A Igreja reconhece que Maria “foi preservada imune de toda a mancha do pecado original” (490). Tal verdade está contida no proto-evangelho (Gn 3,15), no qual está afirmada a inimizade entre Eva e a serpente, entre a descendência da mulher e a do poder de sedução. Maria é a segunda Eva, unida ao segundo Adão que é Cristo. Ora, esta inimizade total entre Maria e o poder do mal já encerra em si a verdade de que ela jamais pôde estar sujeita a tal poder ou manchada por ele.
A passagem de Gn 3,15 exprime de forma negativa (a isenção de Maria do pecado) o que as palavras do anjo Gabriel afirmam positivamente: “Tu és cheia de graça”. O fato de Maria ser “cheia de graça” não é um mero atributo provisório e superficial. Pelo contrário, trata-se de um estado essencial e fundamental de Maria, uma condição que lhe é própria de maneira pessoal.
Diante dessa “graça singular e privilégio” de Maria, surge espontânea a pergunta: a imaculada conceição de Maria (a sua isenção do pecado original) faz dela alguém que não precisa da redenção de Cristo? Significa colocar Maria em pé de igualdade com o Redentor?

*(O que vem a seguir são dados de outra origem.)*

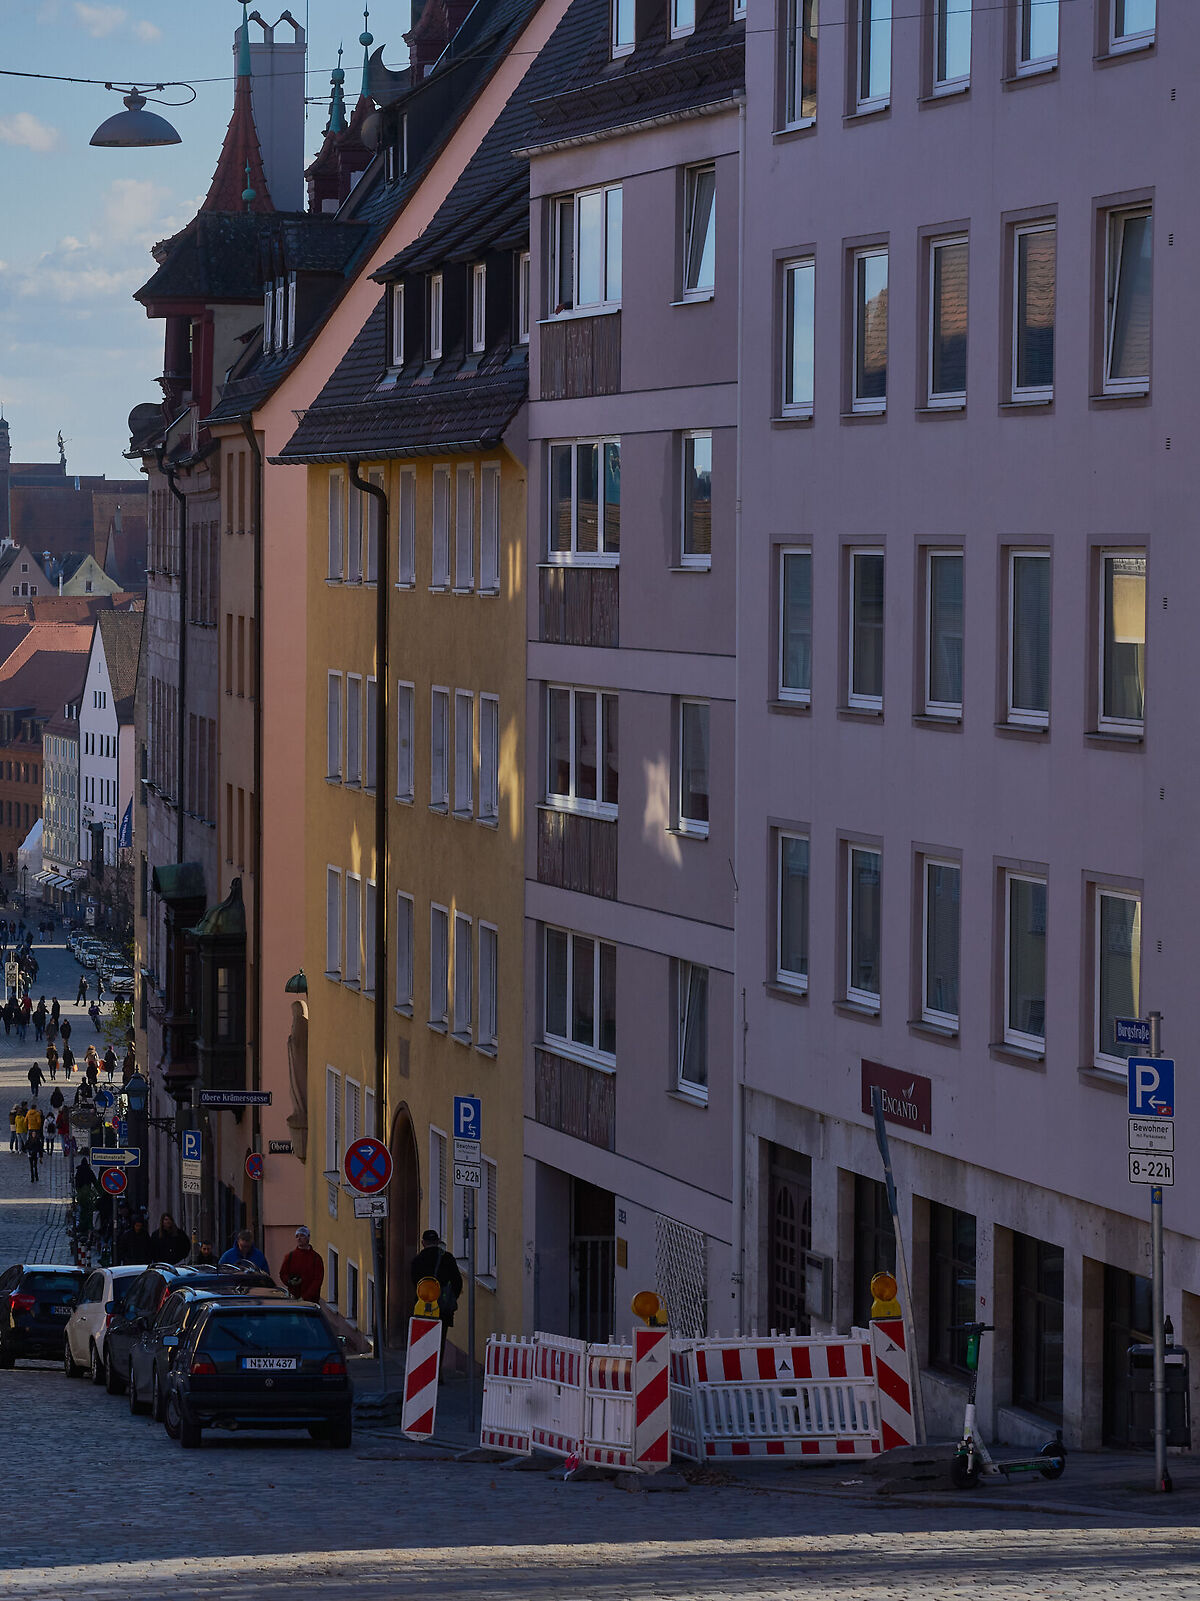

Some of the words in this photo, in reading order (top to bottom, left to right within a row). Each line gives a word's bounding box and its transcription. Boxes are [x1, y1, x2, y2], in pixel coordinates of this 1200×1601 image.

[1117, 1022, 1150, 1041] Burgstraße
[1136, 1065, 1160, 1108] P
[201, 1093, 220, 1102] Obere
[222, 1093, 268, 1104] Krämersgasse
[460, 1102, 475, 1133] P
[1133, 1122, 1169, 1133] Bewohner
[185, 1134, 196, 1156] P
[271, 1142, 289, 1151] Obere
[456, 1169, 479, 1183] 8-22h
[1132, 1160, 1170, 1178] 8-22h
[250, 1359, 257, 1368] N
[276, 1358, 293, 1368] 437

“Esta santidade resplandecente, absolutamente única da qual Maria é enriquecida desde o primeiro instante de sua conceição, lhe vem inteiramente de Cristo” (CatIgCat 492). Assim o dogma da Imaculada Conceição de Maria não quer, de forma alguma, diminuir o alcance nem a necessidade da ação redentora de Cristo. Pelo contrário, se bem entendido, esse dogma consolida a ação redentora de Cristo de maneira mais luminosa ainda.
A obra redentora de Cristo é realmente tão poderosa que alcança todos os tempos, e por isso todos os que vieram antes de Cristo também os que viveram antes de Cristo são salvos por Ele. E isso vale também para Maria, pois os efeitos da obra redentora podem atingir e ser aplicados a uma criatura antes mesmo de sua existência terrena.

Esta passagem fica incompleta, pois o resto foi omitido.